The Solheim Cup – Will the Trophy Go to Europe or the United States This Year

The 2017 Solheim Cup gets underway this week at the Des Moines Golf and Country Club, in Iowa, USA. Competition has been fierce at past editions of the event, so what can we expect to see this year?

The 2017 Solheim Cup – The Team Captains’ Credentials

The Solheim Cup is one of the biggest events in women’s golf. The biennial competition pits some of the best female golfers in the United States against some of the most talented in Europe. In 2017, the teams will be headed up by two of the most successful players in recent years, so the competition is sure to be intense.
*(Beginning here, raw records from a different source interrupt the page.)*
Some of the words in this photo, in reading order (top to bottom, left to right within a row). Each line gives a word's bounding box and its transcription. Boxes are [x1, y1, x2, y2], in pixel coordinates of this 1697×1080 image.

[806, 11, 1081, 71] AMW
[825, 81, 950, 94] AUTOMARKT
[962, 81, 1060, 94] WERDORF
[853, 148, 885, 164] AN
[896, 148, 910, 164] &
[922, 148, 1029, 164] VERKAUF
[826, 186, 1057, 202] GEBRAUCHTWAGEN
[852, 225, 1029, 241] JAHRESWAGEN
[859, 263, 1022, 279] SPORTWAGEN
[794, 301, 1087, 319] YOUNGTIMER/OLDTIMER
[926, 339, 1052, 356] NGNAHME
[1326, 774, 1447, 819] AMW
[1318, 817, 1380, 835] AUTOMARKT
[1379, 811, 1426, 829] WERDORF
Juli Inkster has been chosen as captain of the American team, and will be hoping to lead them to glory on home soil. Inkster has raised plenty of prestigious golf trophies aloft during her career, so she knows exactly what it takes to win.

She was victorious in seven majors, the last of which was the US Women’s Open in 2002. Inkster is no stranger to Solheim Cup success either. She was a non-playing captain in 2015, when the United States defeated Europe by 14.5 to 13.5.

Her European counterpart, Annika Sorenstam, is another highly respected name in women’s golf, however, so Inkster’s experience won’t guarantee her team the win. Sorenstam won ten majors before retiring, and made history in 2003, when she became the first female player to participate in a PGA Tour since 1945.

Will the 2017 Solheim Cup Competition be Controversy-Free?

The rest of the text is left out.